Clinical laboratory says its coronavirus testing capacity is outpacing demand, despite complaints from governors

One of the United States’s largest clinical laboratories said its testing capacity for the coronavirus is outpacing demand.

Governors and local leaders are beginning to build plans to reopen state economies and have said testing for the coronavirus is crucial before people can get back to work. Quest Diagnostics provided an updated Monday, stating it has tested more than 940,000 people thus far and predicting it will be able to test 350,000 people per week.

“We are now able to perform up to 50,000 diagnostic COVID-19 tests per day or approximately 350,000 tests per week. Our test capacity outpaces demand and we have not experienced a test backlog for about a week,” the company said in a statement.

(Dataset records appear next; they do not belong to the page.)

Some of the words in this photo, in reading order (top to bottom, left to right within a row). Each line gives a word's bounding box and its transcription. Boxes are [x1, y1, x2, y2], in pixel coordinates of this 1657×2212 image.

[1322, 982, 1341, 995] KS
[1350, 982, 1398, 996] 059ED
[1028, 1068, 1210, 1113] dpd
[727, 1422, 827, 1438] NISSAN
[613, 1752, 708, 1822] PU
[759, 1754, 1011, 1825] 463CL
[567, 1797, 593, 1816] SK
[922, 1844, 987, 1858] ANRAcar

New York, the American coronavirus epicenter, is rolling out an “aggressive” plan to conduct antibody tests on residents.

“Any plan to start to reopen the economy has to be based on data and testing, and we have to make sure our antibody and diagnostic testing is up to the scale we need so we can safely get people back to work,” Cuomo said this week, adding that the testing would be done “in the most aggressive way in the nation.”

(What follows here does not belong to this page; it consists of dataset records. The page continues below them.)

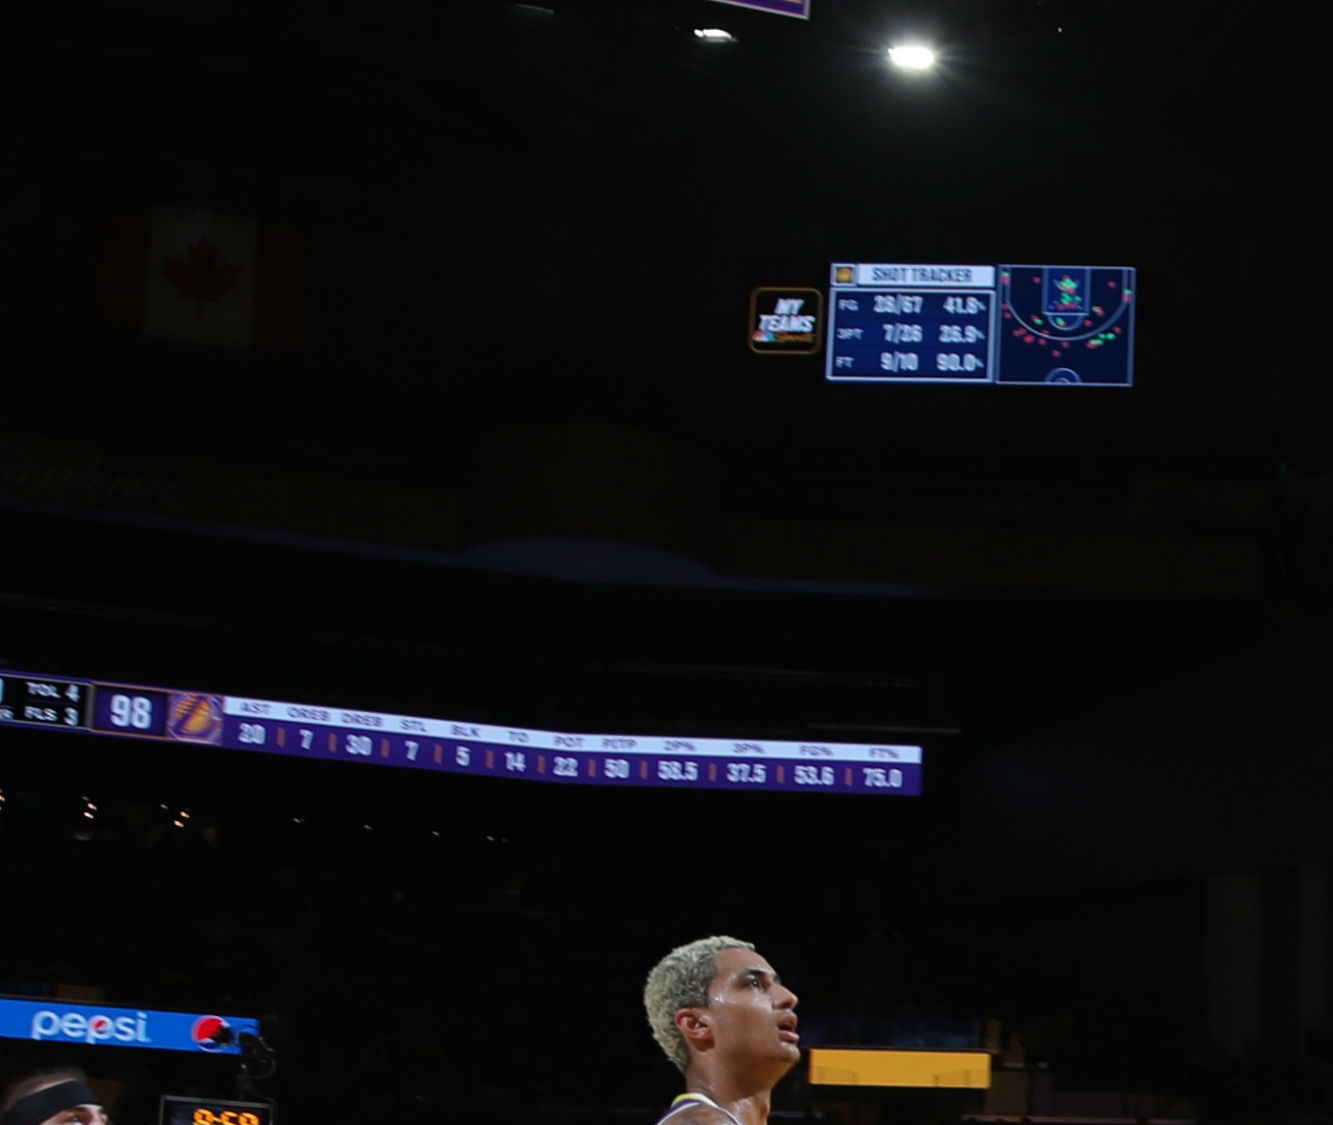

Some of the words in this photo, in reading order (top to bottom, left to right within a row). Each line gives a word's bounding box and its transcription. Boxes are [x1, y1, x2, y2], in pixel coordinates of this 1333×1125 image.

[870, 268, 907, 283] SHOT
[911, 268, 973, 284] TRACKER
[837, 328, 864, 340] 3PT
[835, 356, 854, 368] FT
[65, 683, 79, 702] 4
[64, 707, 78, 726] 3
[110, 694, 152, 729] 98
[240, 702, 272, 715] AST
[400, 719, 428, 732] STL
[451, 724, 480, 738] BLK
[508, 730, 529, 744] TO
[299, 729, 314, 750] 7
[345, 734, 373, 756] 30
[404, 740, 419, 761] 7
[455, 746, 470, 767] 5
[504, 751, 527, 772] 14
[553, 756, 579, 777] 22
[604, 758, 630, 779] 50
[862, 767, 902, 788] 75.0
[31, 1009, 152, 1045] pepsi

Vice President Mike Pence has also claimed “there is a sufficient capacity of testing across the country today for any state in America” in order to begin the first phase of reopening state economies. Some governors, however, have called the notion far-fetched.

Democratic Virginia Gov. Ralph Northam said Sunday that the claim was “delusional,” while Republican Maryland Gov. Larry Hogan called it “absolutely false.”

Quest Diagnostics added, “ We have sufficient supplies on hand to conduct testing at our target capacity of 50,000 COVID-19 diagnostic tests a day. Since we began to provide COVID-19 diagnostic testing in early March, we have shipped 1.1 million specimen collection kits to healthcare providers, with more than 200,000 distributed last week alone.”